◆ **Text-to-region grounding data**
Segment Open
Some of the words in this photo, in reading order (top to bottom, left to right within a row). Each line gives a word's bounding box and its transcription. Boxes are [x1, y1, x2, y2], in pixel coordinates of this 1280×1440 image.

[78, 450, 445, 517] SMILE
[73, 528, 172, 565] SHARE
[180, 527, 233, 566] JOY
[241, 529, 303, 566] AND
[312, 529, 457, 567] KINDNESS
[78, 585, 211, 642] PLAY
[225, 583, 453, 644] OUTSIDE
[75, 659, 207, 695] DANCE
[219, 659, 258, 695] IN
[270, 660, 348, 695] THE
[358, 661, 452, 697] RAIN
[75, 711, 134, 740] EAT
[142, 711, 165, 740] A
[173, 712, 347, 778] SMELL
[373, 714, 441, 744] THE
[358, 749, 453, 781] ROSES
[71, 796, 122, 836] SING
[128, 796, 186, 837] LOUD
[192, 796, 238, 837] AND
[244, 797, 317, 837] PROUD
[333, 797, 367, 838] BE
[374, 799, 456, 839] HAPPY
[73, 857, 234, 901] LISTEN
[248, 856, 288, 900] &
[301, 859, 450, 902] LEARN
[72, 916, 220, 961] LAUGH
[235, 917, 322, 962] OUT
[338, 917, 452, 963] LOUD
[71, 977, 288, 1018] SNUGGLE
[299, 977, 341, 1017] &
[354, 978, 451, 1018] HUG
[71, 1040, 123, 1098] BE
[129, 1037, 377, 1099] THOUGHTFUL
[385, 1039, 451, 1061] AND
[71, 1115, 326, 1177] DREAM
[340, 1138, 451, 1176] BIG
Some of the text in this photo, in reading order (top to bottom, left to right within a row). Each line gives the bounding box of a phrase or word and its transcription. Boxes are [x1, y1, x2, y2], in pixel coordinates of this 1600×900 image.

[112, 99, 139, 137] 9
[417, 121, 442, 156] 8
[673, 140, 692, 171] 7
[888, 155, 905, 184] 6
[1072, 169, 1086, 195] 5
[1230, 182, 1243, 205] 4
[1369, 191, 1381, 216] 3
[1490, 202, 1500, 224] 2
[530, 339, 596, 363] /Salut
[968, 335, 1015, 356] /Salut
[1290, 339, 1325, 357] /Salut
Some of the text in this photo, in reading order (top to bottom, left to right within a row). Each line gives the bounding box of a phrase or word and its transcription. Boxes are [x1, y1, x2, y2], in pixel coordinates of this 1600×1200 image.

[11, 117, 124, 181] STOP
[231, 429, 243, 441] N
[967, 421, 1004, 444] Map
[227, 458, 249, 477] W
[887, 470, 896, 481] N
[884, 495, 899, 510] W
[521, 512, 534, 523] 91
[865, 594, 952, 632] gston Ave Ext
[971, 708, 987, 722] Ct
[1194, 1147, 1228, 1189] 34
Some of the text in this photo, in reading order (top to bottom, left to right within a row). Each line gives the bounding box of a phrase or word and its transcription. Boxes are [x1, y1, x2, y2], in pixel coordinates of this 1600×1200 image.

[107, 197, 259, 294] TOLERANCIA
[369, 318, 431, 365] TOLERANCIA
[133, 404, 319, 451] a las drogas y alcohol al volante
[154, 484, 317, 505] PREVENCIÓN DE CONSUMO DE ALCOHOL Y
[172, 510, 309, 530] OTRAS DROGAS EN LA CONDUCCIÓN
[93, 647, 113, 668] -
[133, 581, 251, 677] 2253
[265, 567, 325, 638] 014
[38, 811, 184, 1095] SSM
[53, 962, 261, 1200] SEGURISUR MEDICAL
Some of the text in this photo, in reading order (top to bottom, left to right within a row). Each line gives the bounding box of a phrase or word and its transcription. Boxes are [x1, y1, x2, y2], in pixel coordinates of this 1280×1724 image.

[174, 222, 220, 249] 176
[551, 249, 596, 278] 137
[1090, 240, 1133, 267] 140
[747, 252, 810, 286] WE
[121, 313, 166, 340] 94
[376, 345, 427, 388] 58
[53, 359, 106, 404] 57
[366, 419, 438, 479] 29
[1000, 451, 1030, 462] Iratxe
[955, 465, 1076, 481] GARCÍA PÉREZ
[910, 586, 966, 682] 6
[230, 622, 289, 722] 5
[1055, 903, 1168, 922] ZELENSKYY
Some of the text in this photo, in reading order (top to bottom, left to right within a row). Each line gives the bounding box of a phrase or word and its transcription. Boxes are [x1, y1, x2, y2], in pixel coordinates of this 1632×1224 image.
Segment Closed
◆ **Work required**
Copy out the data shown above in full. Match it exactly.

◆ **Worked solution**
Some of the words in this photo, in reading order (top to bottom, left to right within a row). Each line gives a word's bounding box and its transcription. Boxes are [x1, y1, x2, y2], in pixel coordinates of this 1280×1440 image.

[78, 450, 445, 517] SMILE
[73, 528, 172, 565] SHARE
[180, 527, 233, 566] JOY
[241, 529, 303, 566] AND
[312, 529, 457, 567] KINDNESS
[78, 585, 211, 642] PLAY
[225, 583, 453, 644] OUTSIDE
[75, 659, 207, 695] DANCE
[219, 659, 258, 695] IN
[270, 660, 348, 695] THE
[358, 661, 452, 697] RAIN
[75, 711, 134, 740] EAT
[142, 711, 165, 740] A
[173, 712, 347, 778] SMELL
[373, 714, 441, 744] THE
[358, 749, 453, 781] ROSES
[71, 796, 122, 836] SING
[128, 796, 186, 837] LOUD
[192, 796, 238, 837] AND
[244, 797, 317, 837] PROUD
[333, 797, 367, 838] BE
[374, 799, 456, 839] HAPPY
[73, 857, 234, 901] LISTEN
[248, 856, 288, 900] &
[301, 859, 450, 902] LEARN
[72, 916, 220, 961] LAUGH
[235, 917, 322, 962] OUT
[338, 917, 452, 963] LOUD
[71, 977, 288, 1018] SNUGGLE
[299, 977, 341, 1017] &
[354, 978, 451, 1018] HUG
[71, 1040, 123, 1098] BE
[129, 1037, 377, 1099] THOUGHTFUL
[385, 1039, 451, 1061] AND
[71, 1115, 326, 1177] DREAM
[340, 1138, 451, 1176] BIG
Some of the text in this photo, in reading order (top to bottom, left to right within a row). Each line gives the bounding box of a phrase or word and its transcription. Boxes are [x1, y1, x2, y2], in pixel coordinates of this 1600×900 image.

[112, 99, 139, 137] 9
[417, 121, 442, 156] 8
[673, 140, 692, 171] 7
[888, 155, 905, 184] 6
[1072, 169, 1086, 195] 5
[1230, 182, 1243, 205] 4
[1369, 191, 1381, 216] 3
[1490, 202, 1500, 224] 2
[530, 339, 596, 363] /Salut
[968, 335, 1015, 356] /Salut
[1290, 339, 1325, 357] /Salut
Some of the text in this photo, in reading order (top to bottom, left to right within a row). Each line gives the bounding box of a phrase or word and its transcription. Boxes are [x1, y1, x2, y2], in pixel coordinates of this 1600×1200 image.

[11, 117, 124, 181] STOP
[231, 429, 243, 441] N
[967, 421, 1004, 444] Map
[227, 458, 249, 477] W
[887, 470, 896, 481] N
[884, 495, 899, 510] W
[521, 512, 534, 523] 91
[865, 594, 952, 632] gston Ave Ext
[971, 708, 987, 722] Ct
[1194, 1147, 1228, 1189] 34
Some of the text in this photo, in reading order (top to bottom, left to right within a row). Each line gives the bounding box of a phrase or word and its transcription. Boxes are [x1, y1, x2, y2], in pixel coordinates of this 1600×1200 image.

[107, 197, 259, 294] TOLERANCIA
[369, 318, 431, 365] TOLERANCIA
[133, 404, 319, 451] a las drogas y alcohol al volante
[154, 484, 317, 505] PREVENCIÓN DE CONSUMO DE ALCOHOL Y
[172, 510, 309, 530] OTRAS DROGAS EN LA CONDUCCIÓN
[93, 647, 113, 668] -
[133, 581, 251, 677] 2253
[265, 567, 325, 638] 014
[38, 811, 184, 1095] SSM
[53, 962, 261, 1200] SEGURISUR MEDICAL
Some of the text in this photo, in reading order (top to bottom, left to right within a row). Each line gives the bounding box of a phrase or word and its transcription. Boxes are [x1, y1, x2, y2], in pixel coordinates of this 1280×1724 image.

[174, 222, 220, 249] 176
[551, 249, 596, 278] 137
[1090, 240, 1133, 267] 140
[747, 252, 810, 286] WE
[121, 313, 166, 340] 94
[376, 345, 427, 388] 58
[53, 359, 106, 404] 57
[366, 419, 438, 479] 29
[1000, 451, 1030, 462] Iratxe
[955, 465, 1076, 481] GARCÍA PÉREZ
[910, 586, 966, 682] 6
[230, 622, 289, 722] 5
[1055, 903, 1168, 922] ZELENSKYY
Some of the text in this photo, in reading order (top to bottom, left to right within a row). Each line gives the bounding box of a phrase or word and its transcription. Boxes are [x1, y1, x2, y2], in pixel coordinates of this 1632×1224 image.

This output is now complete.